WORK INSTRUCTIONS:
Should a picture appear anywhere in the data, omit it and copy everything else exactly.
━━ THE DATA ━━
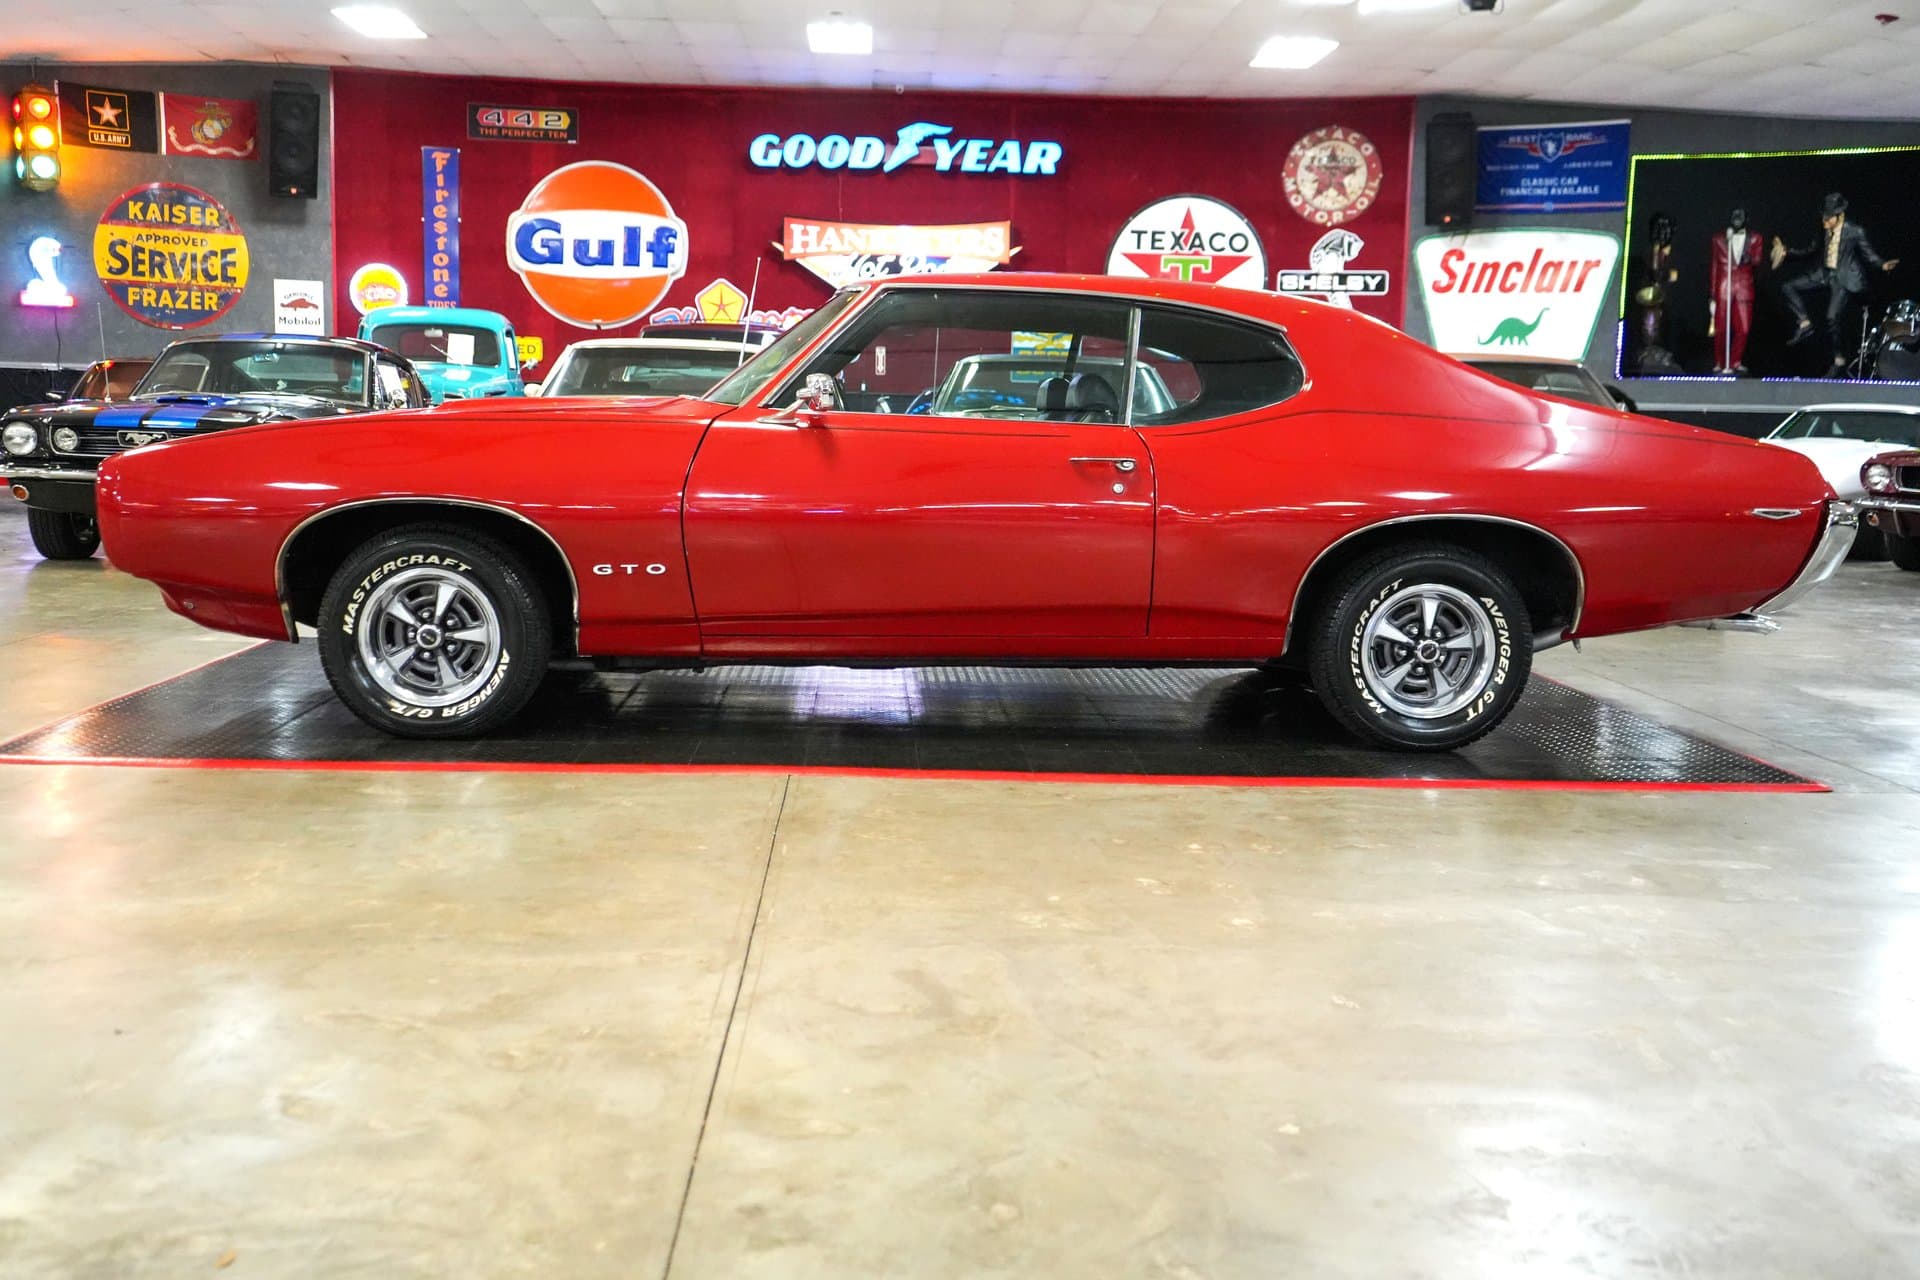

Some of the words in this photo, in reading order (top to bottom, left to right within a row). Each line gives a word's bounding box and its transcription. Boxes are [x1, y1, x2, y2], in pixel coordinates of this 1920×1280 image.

[484, 109, 564, 129] 442
[108, 134, 127, 144] ARMY
[480, 128, 498, 136] THE
[502, 128, 546, 138] PERFECT
[548, 130, 568, 139] TEN
[1501, 186, 1548, 197] FINANCING
[1550, 185, 1600, 195] AVAILABLE
[1521, 177, 1559, 187] CLASSIC
[1560, 176, 1580, 186] CAR
[128, 200, 220, 227] KAISER
[431, 151, 451, 299] Firestone
[136, 232, 209, 248] APPROVED
[514, 218, 678, 268] Gulf
[1131, 229, 1250, 254] TEXACO
[106, 238, 237, 284] SERVICE
[1162, 257, 1211, 282] T
[1431, 248, 1602, 294] Sinclair
[1281, 274, 1383, 291] SHELBY
[128, 289, 219, 311] FRAZER
[278, 316, 321, 326] Mobiloil
[592, 563, 667, 576] GTO
[342, 554, 472, 636] MASTERCRAFT
[1350, 578, 1403, 715] MASTERCRAFT
[1480, 596, 1511, 685] AVENGER
[441, 648, 510, 718] AVENGER
[1466, 691, 1496, 721] G/T
━━━
ANSWER SPACE:
Some of the words in this photo, in reading order (top to bottom, left to right within a row). Each line gives a word's bounding box and its transcription. Boxes are [x1, y1, x2, y2], in pixel coordinates of this 1920×1280 image.

[484, 109, 564, 129] 442
[108, 134, 127, 144] ARMY
[480, 128, 498, 136] THE
[502, 128, 546, 138] PERFECT
[548, 130, 568, 139] TEN
[1501, 186, 1548, 197] FINANCING
[1550, 185, 1600, 195] AVAILABLE
[1521, 177, 1559, 187] CLASSIC
[1560, 176, 1580, 186] CAR
[128, 200, 220, 227] KAISER
[431, 151, 451, 299] Firestone
[136, 232, 209, 248] APPROVED
[514, 218, 678, 268] Gulf
[1131, 229, 1250, 254] TEXACO
[106, 238, 237, 284] SERVICE
[1162, 257, 1211, 282] T
[1431, 248, 1602, 294] Sinclair
[1281, 274, 1383, 291] SHELBY
[128, 289, 219, 311] FRAZER
[278, 316, 321, 326] Mobiloil
[592, 563, 667, 576] GTO
[342, 554, 472, 636] MASTERCRAFT
[1350, 578, 1403, 715] MASTERCRAFT
[1480, 596, 1511, 685] AVENGER
[441, 648, 510, 718] AVENGER
[1466, 691, 1496, 721] G/T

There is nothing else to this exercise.